The California DMV just released its annual slate of “disengagement reports,” documents provided by the 11 companies that received state permits to test autonomous vehicles by the end of 2015.

The results, summarized below, reveal how often humans had to wrest control away from the computer, and why (sort of).

Although the reports are an imperfect measure of how the technology performs, they do reveal rapid progress toward the day when you are no longer needed behind the wheel.

Google and General Motors are leading the class with cars capable of driving hundreds of miles at a stretch without trouble. But even those who don’t make the honor roll show impressive gains. Nissan’s robocars, for example, needed human intervention once every 247 miles, compared to once every 14 miles in 2015.

The reports, which cover December 2015 to November 2016, leave a lot to be desired—more on that in a moment—but do offer interesting insights. Google’s program, now called Waymo and gearing up for commercial applications, continues outpacing the competition.

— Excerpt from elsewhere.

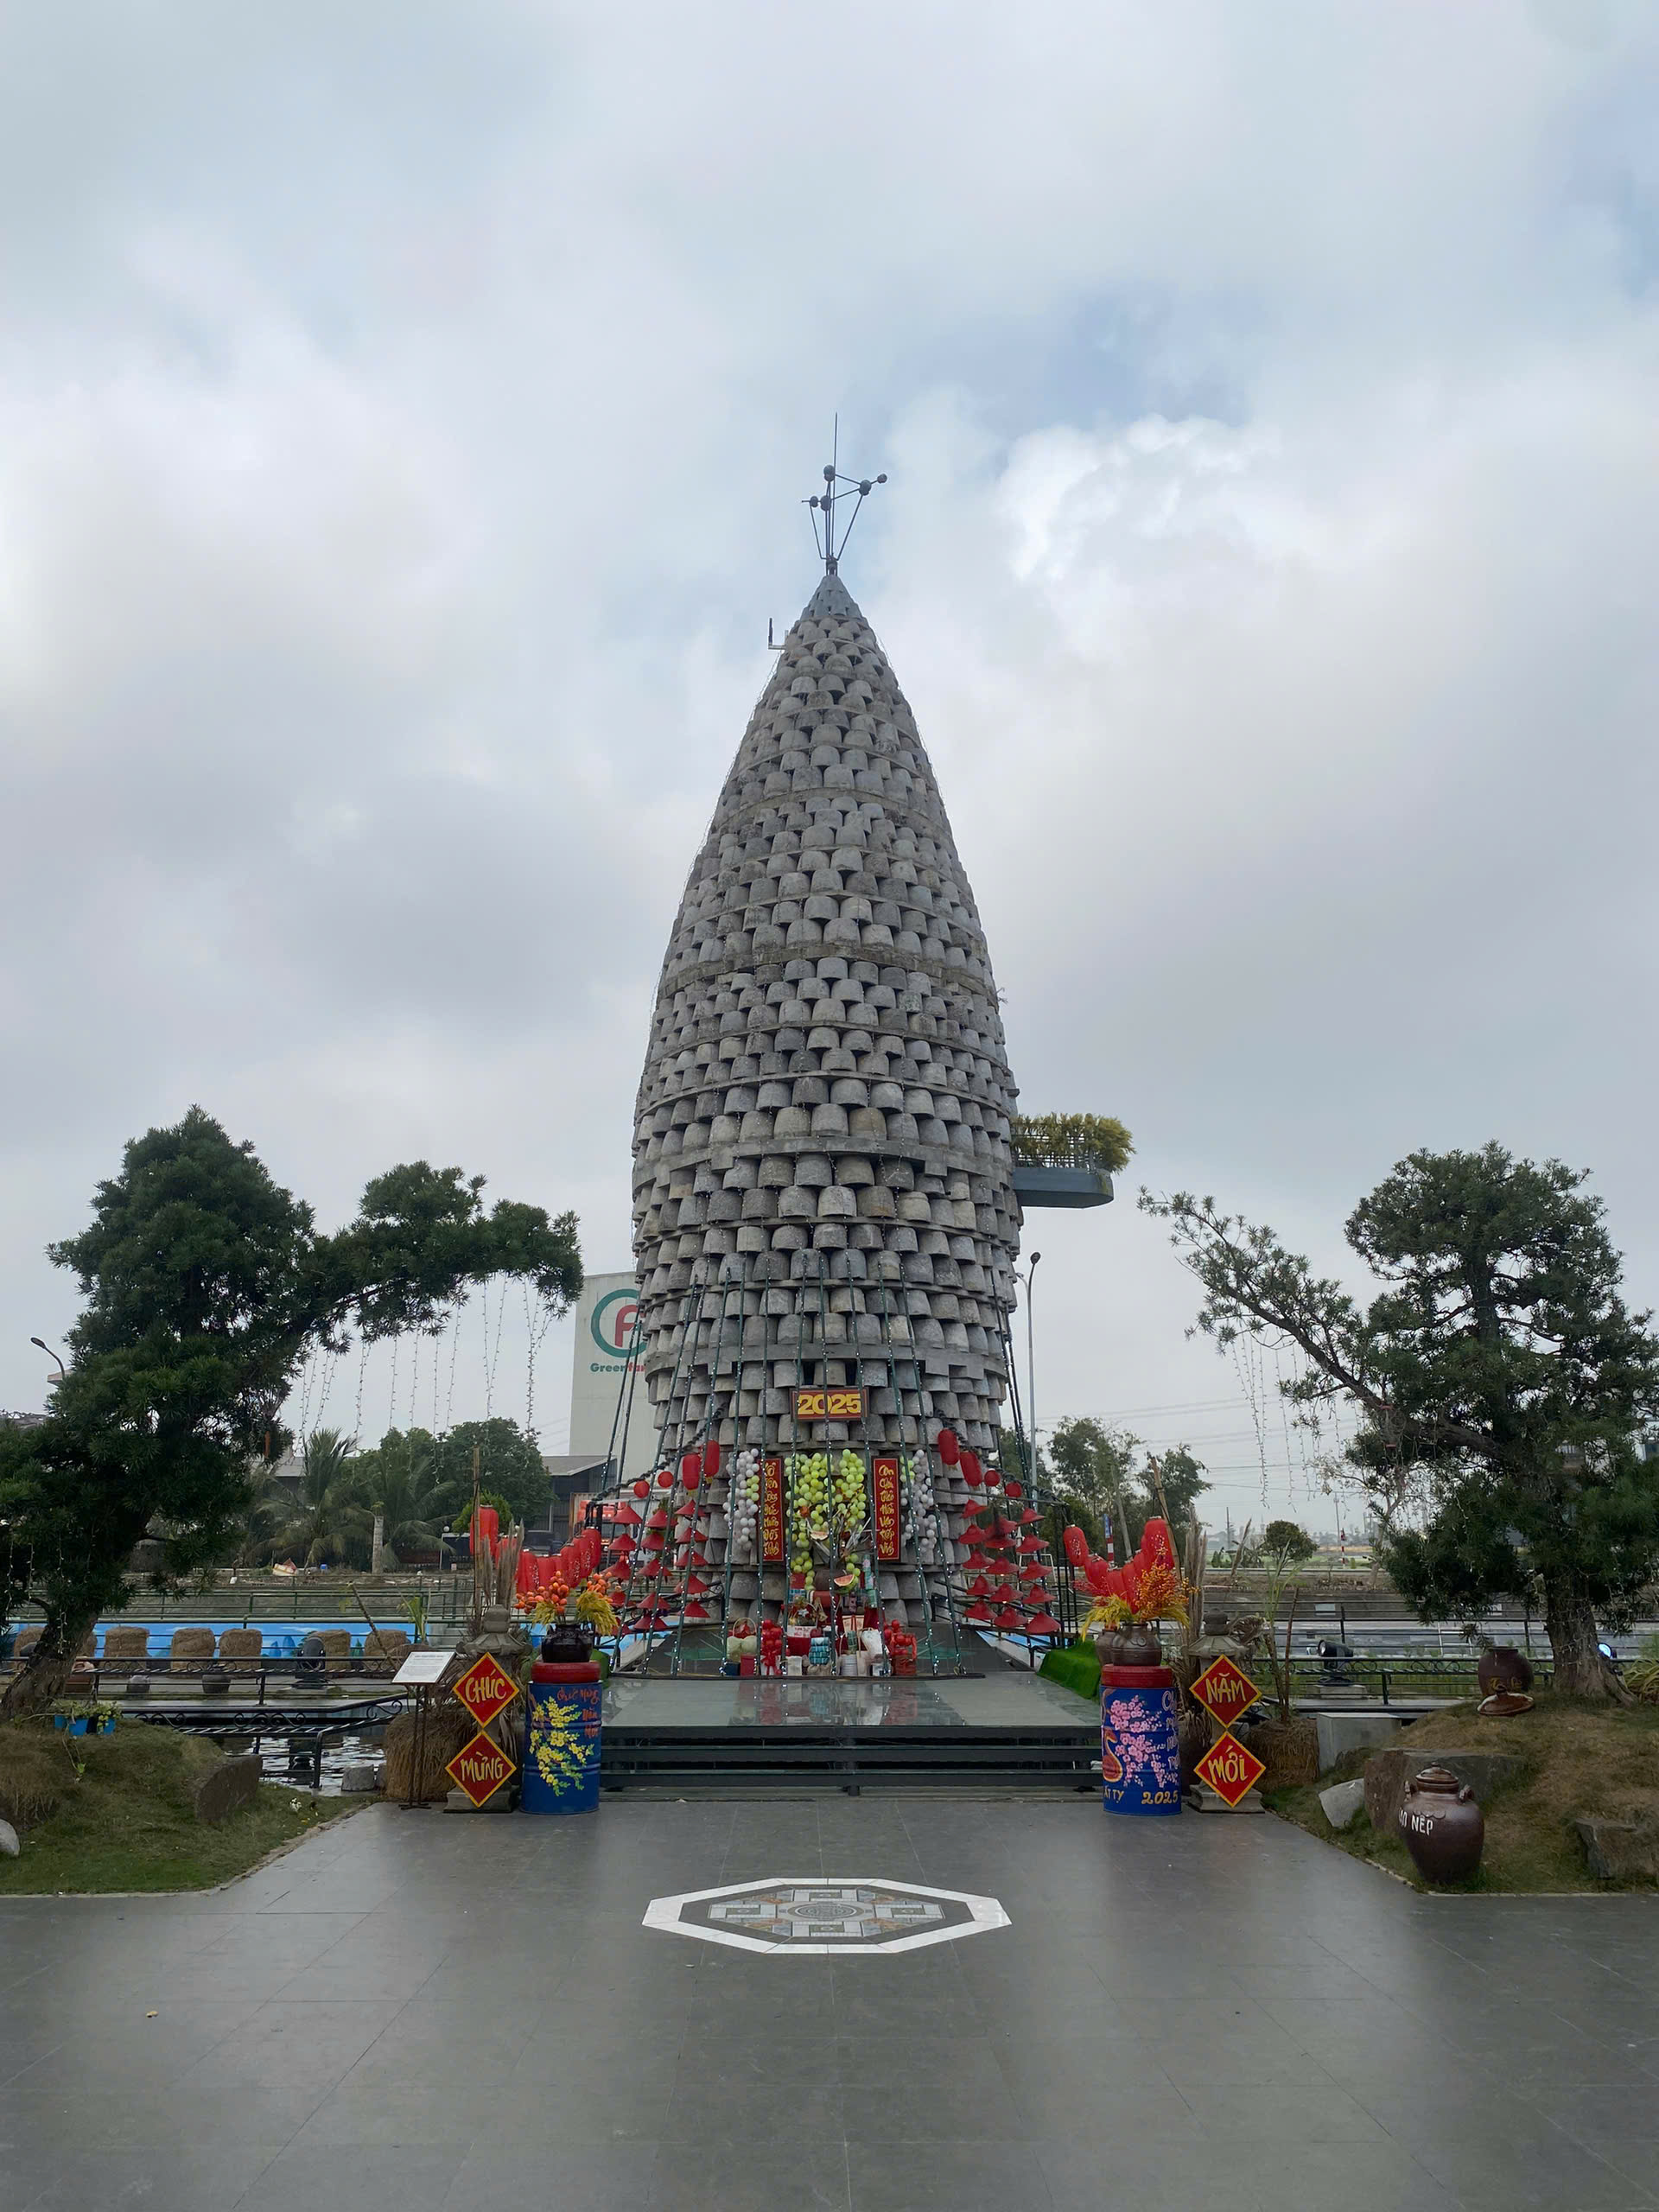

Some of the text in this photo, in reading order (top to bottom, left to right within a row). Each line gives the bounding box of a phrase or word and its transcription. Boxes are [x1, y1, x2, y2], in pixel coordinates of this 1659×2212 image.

The company’s cars drove 636,000 miles with just 124 disengagements, a 19 percent drop from 2015. Its fleet logged nearly all those miles on the quiet, suburban streets of Mountain View and its environs, and most of the interventions followed hardware or software discrepancies, when, say, the car’s lidar and camera reported slightly different data.

Cruise, the startup leading GM’s autonomous driving efforts, did all its testing in San Francisco, where it ramped up from five miles in June 2015, to 400 in June 2016. By late last year, it was clocking hundreds of miles without a hitch.

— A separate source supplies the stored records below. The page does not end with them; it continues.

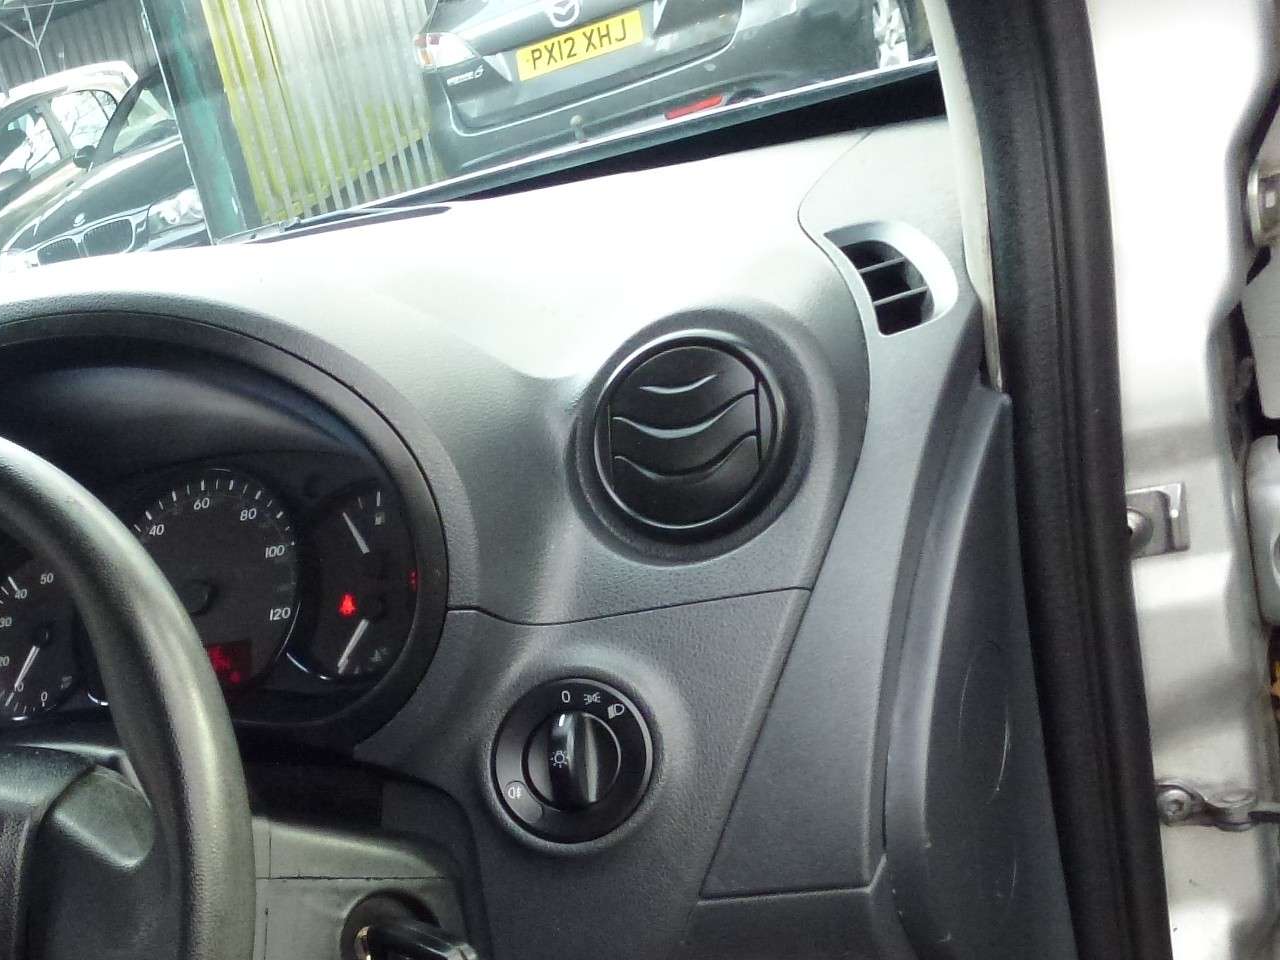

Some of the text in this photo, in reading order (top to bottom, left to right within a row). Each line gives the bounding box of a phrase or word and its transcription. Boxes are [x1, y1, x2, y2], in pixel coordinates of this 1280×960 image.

[531, 19, 628, 71] PX12 XHJ
[193, 497, 210, 511] 60
[240, 508, 257, 521] 80
[149, 524, 165, 536] 40
[265, 545, 285, 559] 100
[40, 572, 54, 585] 50
[14, 588, 28, 600] 40
[269, 607, 291, 621] 120
[40, 691, 48, 702] 0
[561, 690, 571, 703] 0

Most of Delphi’s trouble came while changing lanes in heavy traffic. Ford’s two autonomous cars in California only drive on the highway, during the day, with fine weather and road conditions, which explains why it only needed human help three times in 590 miles. (It has a larger test fleet in Michigan, which doesn’t require any reporting.) The little testing Tesla reported (just 550 miles) was part of its preparation to launch a revamped Autopilot system. It gets most of its data from its customers, driving in the real world.

Like the state’s requirement that companies publicly report any crashes involving their robo-rides, the point of these reports is to create accountability for the new technology. In a field reliant upon complex software, artificial intelligence, and sophisticated hardware, disengagements provide a metric the average person can understand. They reveal how often the car screws up so badly that the human inside had to take over.

But, like crash reports (which mostly reveal that people cannot stop rear-ending Google cars), they don’t tell the whole story.